Extended Data Figure 5: Effects of CAF-1 dose on NIH3T3 growth and reprogramming potential.

a, Competitive proliferation assay to determine effect of indicated Chaf1a and Chaf1b shRNA vectors on long-term growth potential of immortalized NIH3T3 cell line. Cells were infected with indicated constructs and the fraction of shRNA vector-positive cells was measured by flow cytometry at different time points. Data were normalized to cell counts at day 2 post-transduction.
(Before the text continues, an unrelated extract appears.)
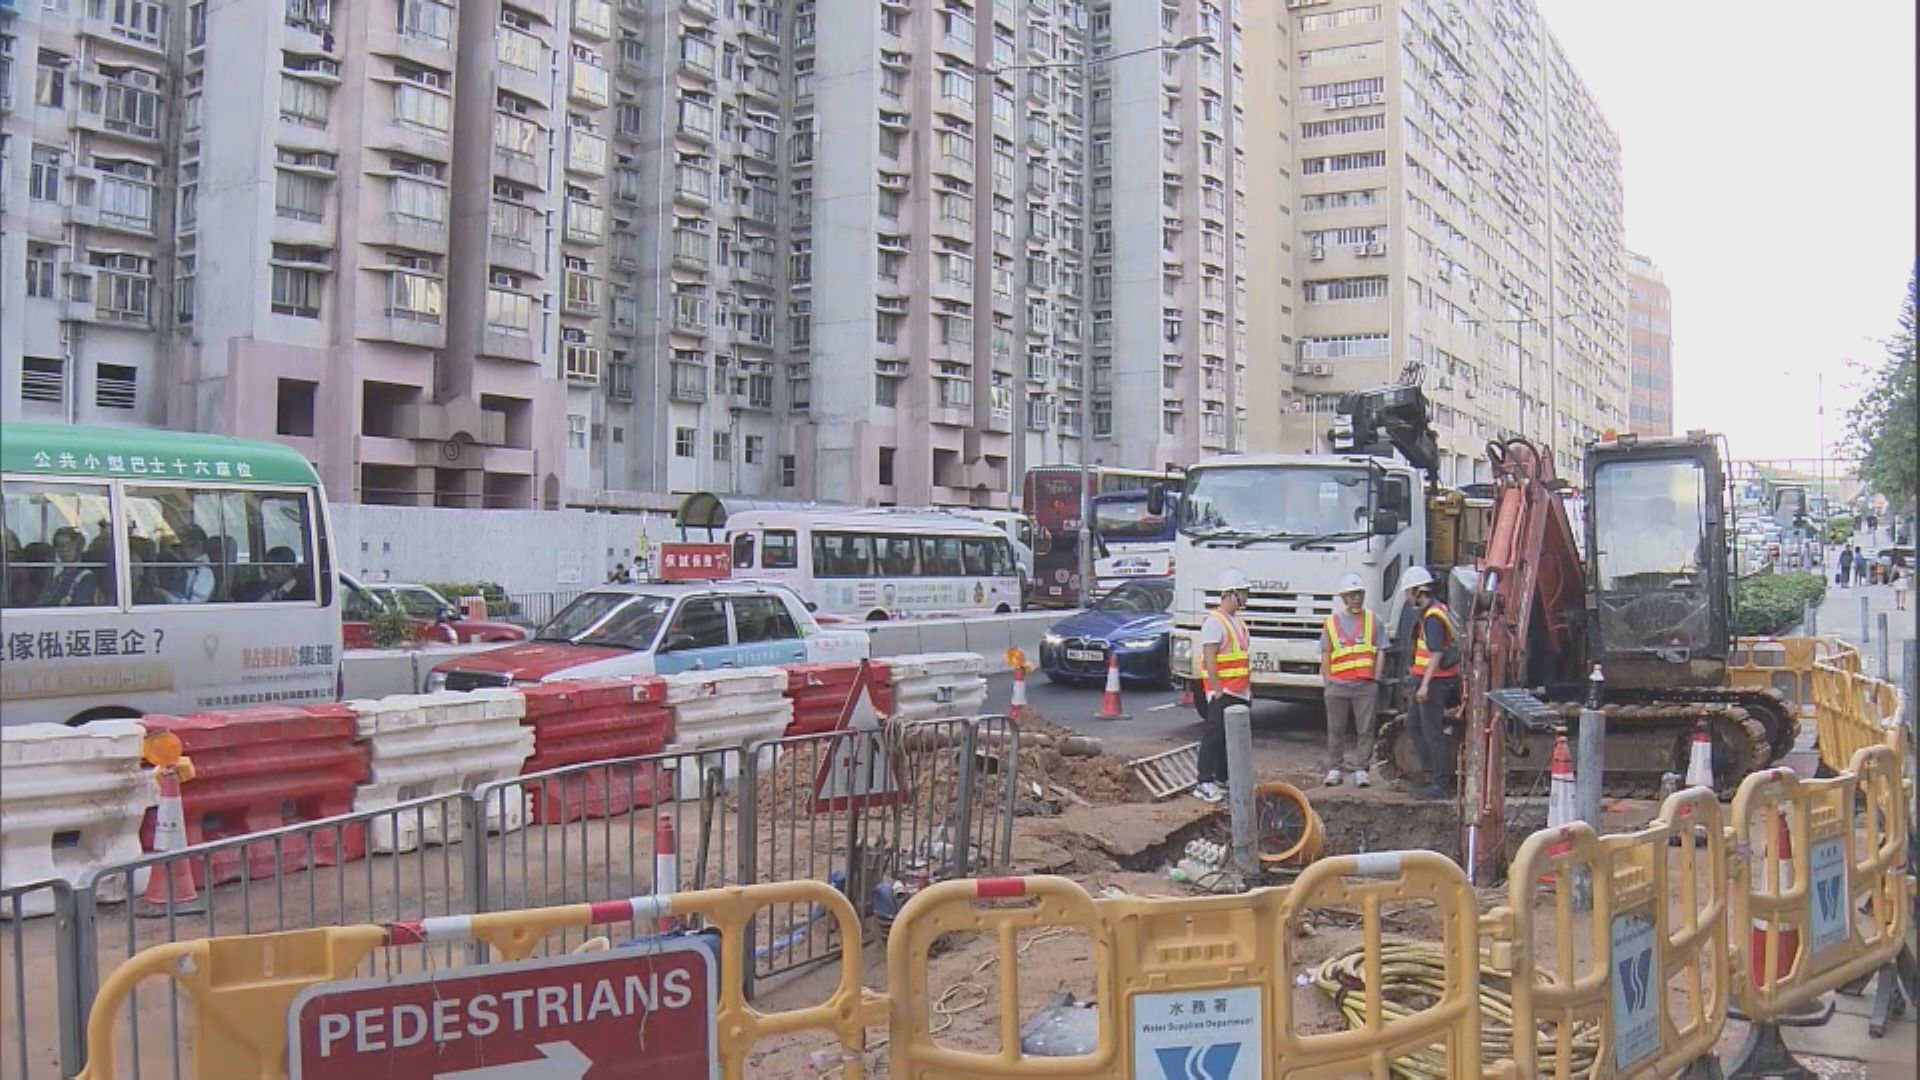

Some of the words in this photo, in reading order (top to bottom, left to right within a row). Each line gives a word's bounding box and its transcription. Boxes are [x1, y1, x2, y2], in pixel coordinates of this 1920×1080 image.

Rpa3.455, validated control shRNA targeting the broadly essential replication protein A3. Error bars show s.d. from biological triplicates. b, Histogram plots of MEFs harbouring R26-M2rtTA allele and either Col1a1::tetOP-miR30-tRFP-Ren.713 or Col1a1::tetOP-miR30-tRFP-Chaf1a.164 shRNA knock-in allele after transduction with pHAGE (Ef1a-OKSM) lentiviral vector and exposure of cells to different doses of doxycycline for 2, 4 and 6 days. Low doses of doxycycline (0.2 µg ml⁻¹) result in lower expression of the shRNA miR cassettes than high doses of doxycycline (2 µg ml⁻¹). c, Quantification of data shown in b using the geometric mean (n = 1 experiment for 3 indicated time points). d, Reprogramming efficiency of Col1a1::tetOP-miR30-tRFP-Chaf1a.164; R26-M2rtTA MEFs infected with pHAGE (Ef1a-OKSM) vector and induced with high (2 μg ml⁻¹) or low (0.2 μg ml⁻¹) doses of doxycycline for indicated number of days before scoring for Nanog⁺ iPS cells by immunocytochemistry on day 9. e, Classification of CRISPR/Cas9-induced mutations by sequence analysis of representative iPS cell clones (wt, wild type; indel, insertion/deletion; fs, frameshift; *, point mutation). f, Western blot analysis for CAF-1 subunits p150 and p60 in 6 representative iPS cell clones after CRISPR/Cas9-induced modifications of the Chaf1a locus (see Supplementary Fig. 1 for full scans). Wt/wt samples show unmodified wild-type control samples.